== What this task involves ==
The answer is the full set of records, given again exactly and without images.

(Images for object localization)
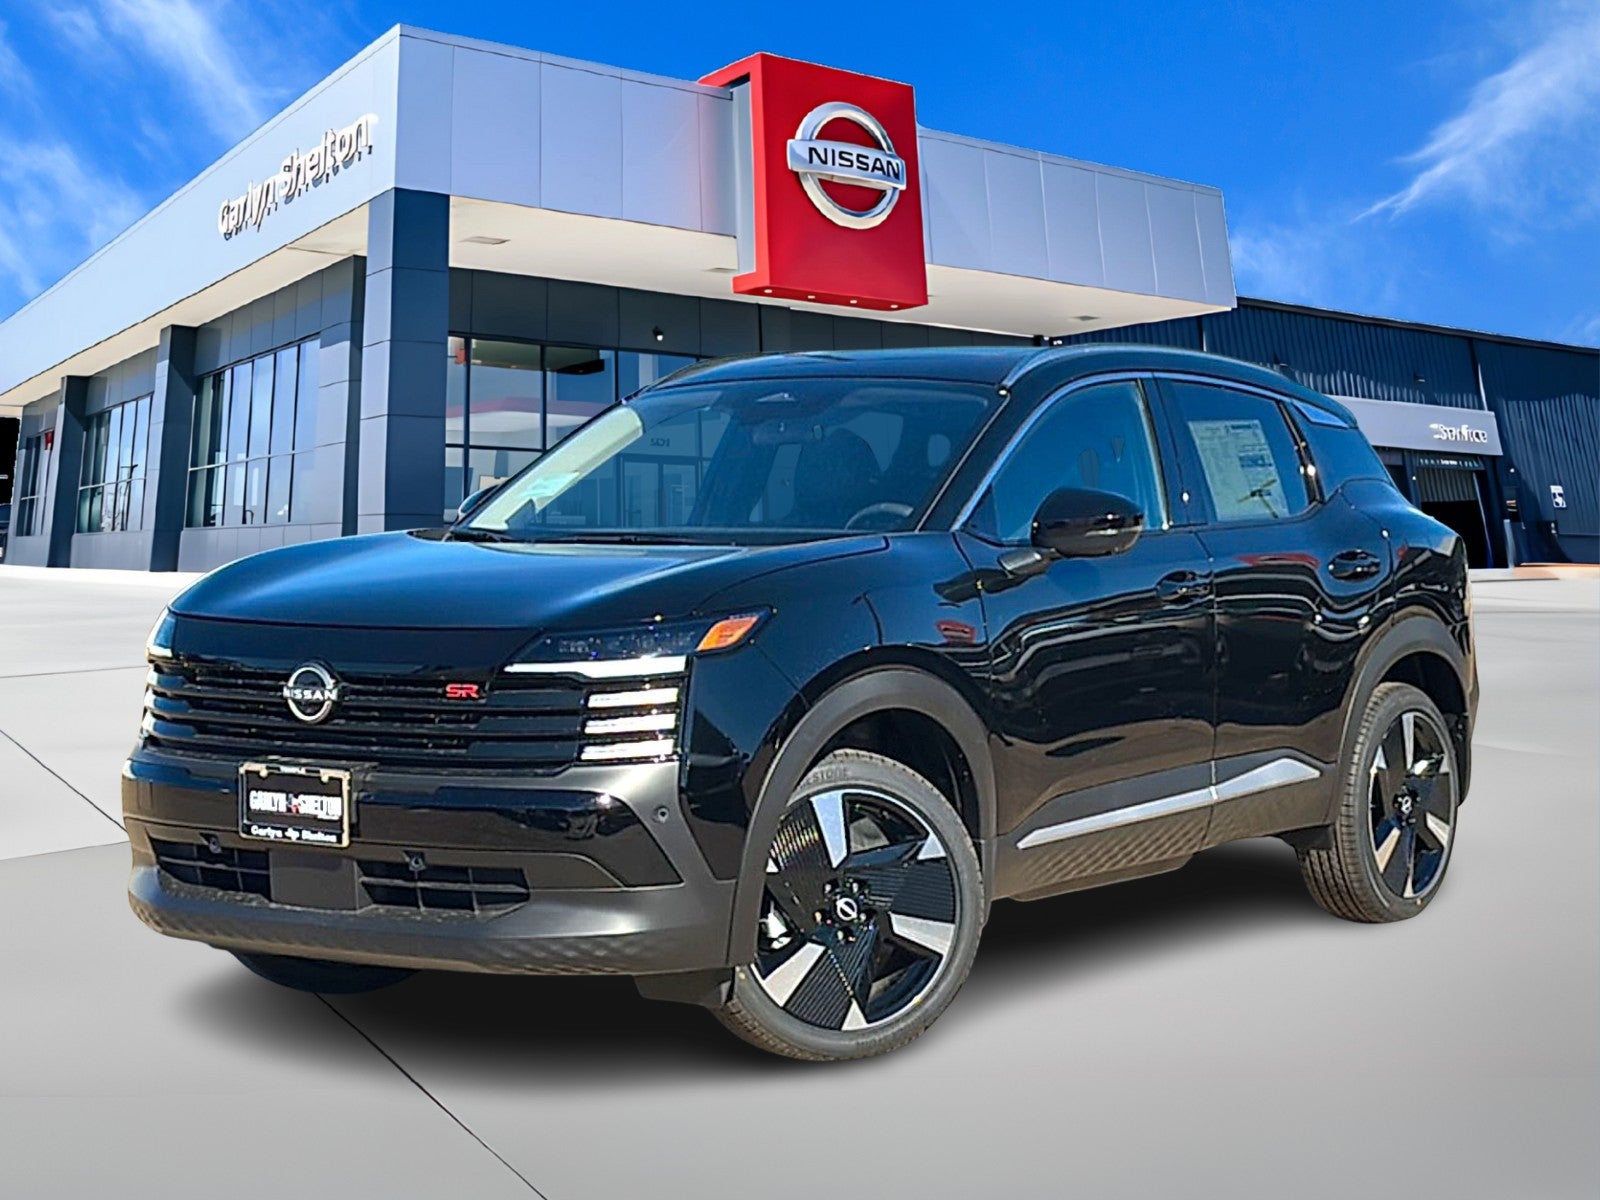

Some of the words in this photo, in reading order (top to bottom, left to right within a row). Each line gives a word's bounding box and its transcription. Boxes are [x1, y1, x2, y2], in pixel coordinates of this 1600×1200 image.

[279, 114, 374, 199] Shelton
[808, 146, 900, 181] NISSAN
[1430, 423, 1488, 443] Service
[283, 686, 338, 701] NISSAN
[446, 683, 479, 698] SR

== Solution ==
Some of the words in this photo, in reading order (top to bottom, left to right within a row). Each line gives a word's bounding box and its transcription. Boxes are [x1, y1, x2, y2], in pixel coordinates of this 1600×1200 image.

[279, 114, 374, 199] Shelton
[808, 146, 900, 181] NISSAN
[1430, 423, 1488, 443] Service
[283, 686, 338, 701] NISSAN
[446, 683, 479, 698] SR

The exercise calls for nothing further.